Top of Task input

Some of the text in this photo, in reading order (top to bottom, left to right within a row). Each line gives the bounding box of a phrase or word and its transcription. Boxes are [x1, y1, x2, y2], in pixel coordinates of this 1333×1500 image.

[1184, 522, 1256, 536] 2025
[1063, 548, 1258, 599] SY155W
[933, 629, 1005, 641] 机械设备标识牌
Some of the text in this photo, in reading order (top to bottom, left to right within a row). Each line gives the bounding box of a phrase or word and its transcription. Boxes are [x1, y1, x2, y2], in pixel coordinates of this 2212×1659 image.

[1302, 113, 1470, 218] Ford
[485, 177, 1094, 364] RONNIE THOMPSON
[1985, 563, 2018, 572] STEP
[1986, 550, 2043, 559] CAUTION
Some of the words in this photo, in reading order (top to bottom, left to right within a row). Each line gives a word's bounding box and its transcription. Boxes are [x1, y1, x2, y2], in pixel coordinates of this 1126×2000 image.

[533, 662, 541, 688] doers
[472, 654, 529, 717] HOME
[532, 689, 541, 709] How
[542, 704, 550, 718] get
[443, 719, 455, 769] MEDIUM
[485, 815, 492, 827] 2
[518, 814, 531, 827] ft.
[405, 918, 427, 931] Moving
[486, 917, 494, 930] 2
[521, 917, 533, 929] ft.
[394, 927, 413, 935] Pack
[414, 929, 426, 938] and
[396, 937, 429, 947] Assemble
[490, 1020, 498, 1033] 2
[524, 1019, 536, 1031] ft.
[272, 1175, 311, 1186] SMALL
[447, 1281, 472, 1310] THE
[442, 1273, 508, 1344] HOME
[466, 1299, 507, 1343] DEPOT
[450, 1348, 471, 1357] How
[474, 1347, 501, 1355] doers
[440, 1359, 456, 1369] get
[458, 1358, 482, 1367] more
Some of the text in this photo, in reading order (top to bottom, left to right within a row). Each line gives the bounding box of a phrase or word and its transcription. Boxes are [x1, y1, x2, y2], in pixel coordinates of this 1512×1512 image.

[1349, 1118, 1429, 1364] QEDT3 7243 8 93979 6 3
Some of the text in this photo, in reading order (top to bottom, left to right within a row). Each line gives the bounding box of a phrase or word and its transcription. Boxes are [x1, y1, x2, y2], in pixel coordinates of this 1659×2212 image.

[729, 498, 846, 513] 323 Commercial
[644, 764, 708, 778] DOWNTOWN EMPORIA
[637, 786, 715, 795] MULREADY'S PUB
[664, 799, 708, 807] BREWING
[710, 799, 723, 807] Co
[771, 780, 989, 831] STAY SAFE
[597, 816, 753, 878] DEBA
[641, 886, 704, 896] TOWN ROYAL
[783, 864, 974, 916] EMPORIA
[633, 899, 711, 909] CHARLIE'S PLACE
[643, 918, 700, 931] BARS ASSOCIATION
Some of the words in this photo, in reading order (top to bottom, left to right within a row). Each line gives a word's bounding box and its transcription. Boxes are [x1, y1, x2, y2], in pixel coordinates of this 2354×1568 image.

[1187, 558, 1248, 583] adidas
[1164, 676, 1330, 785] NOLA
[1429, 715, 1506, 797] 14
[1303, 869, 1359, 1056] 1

Bottom of Task input

# What is being asked
Type the records again in full, matching them exactly.

# Expected answer
Some of the text in this photo, in reading order (top to bottom, left to right within a row). Each line gives the bounding box of a phrase or word and its transcription. Boxes are [x1, y1, x2, y2], in pixel coordinates of this 1333×1500 image.

[1184, 522, 1256, 536] 2025
[1063, 548, 1258, 599] SY155W
[933, 629, 1005, 641] 机械设备标识牌
Some of the text in this photo, in reading order (top to bottom, left to right within a row). Each line gives the bounding box of a phrase or word and its transcription. Boxes are [x1, y1, x2, y2], in pixel coordinates of this 2212×1659 image.

[1302, 113, 1470, 218] Ford
[485, 177, 1094, 364] RONNIE THOMPSON
[1985, 563, 2018, 572] STEP
[1986, 550, 2043, 559] CAUTION
Some of the words in this photo, in reading order (top to bottom, left to right within a row). Each line gives a word's bounding box and its transcription. Boxes are [x1, y1, x2, y2], in pixel coordinates of this 1126×2000 image.

[533, 662, 541, 688] doers
[472, 654, 529, 717] HOME
[532, 689, 541, 709] How
[542, 704, 550, 718] get
[443, 719, 455, 769] MEDIUM
[485, 815, 492, 827] 2
[518, 814, 531, 827] ft.
[405, 918, 427, 931] Moving
[486, 917, 494, 930] 2
[521, 917, 533, 929] ft.
[394, 927, 413, 935] Pack
[414, 929, 426, 938] and
[396, 937, 429, 947] Assemble
[490, 1020, 498, 1033] 2
[524, 1019, 536, 1031] ft.
[272, 1175, 311, 1186] SMALL
[447, 1281, 472, 1310] THE
[442, 1273, 508, 1344] HOME
[466, 1299, 507, 1343] DEPOT
[450, 1348, 471, 1357] How
[474, 1347, 501, 1355] doers
[440, 1359, 456, 1369] get
[458, 1358, 482, 1367] more
Some of the text in this photo, in reading order (top to bottom, left to right within a row). Each line gives the bounding box of a phrase or word and its transcription. Boxes are [x1, y1, x2, y2], in pixel coordinates of this 1512×1512 image.

[1349, 1118, 1429, 1364] QEDT3 7243 8 93979 6 3
Some of the text in this photo, in reading order (top to bottom, left to right within a row). Each line gives the bounding box of a phrase or word and its transcription. Boxes are [x1, y1, x2, y2], in pixel coordinates of this 1659×2212 image.

[729, 498, 846, 513] 323 Commercial
[644, 764, 708, 778] DOWNTOWN EMPORIA
[637, 786, 715, 795] MULREADY'S PUB
[664, 799, 708, 807] BREWING
[710, 799, 723, 807] Co
[771, 780, 989, 831] STAY SAFE
[597, 816, 753, 878] DEBA
[641, 886, 704, 896] TOWN ROYAL
[783, 864, 974, 916] EMPORIA
[633, 899, 711, 909] CHARLIE'S PLACE
[643, 918, 700, 931] BARS ASSOCIATION
Some of the words in this photo, in reading order (top to bottom, left to right within a row). Each line gives a word's bounding box and its transcription. Boxes are [x1, y1, x2, y2], in pixel coordinates of this 2354×1568 image.

[1187, 558, 1248, 583] adidas
[1164, 676, 1330, 785] NOLA
[1429, 715, 1506, 797] 14
[1303, 869, 1359, 1056] 1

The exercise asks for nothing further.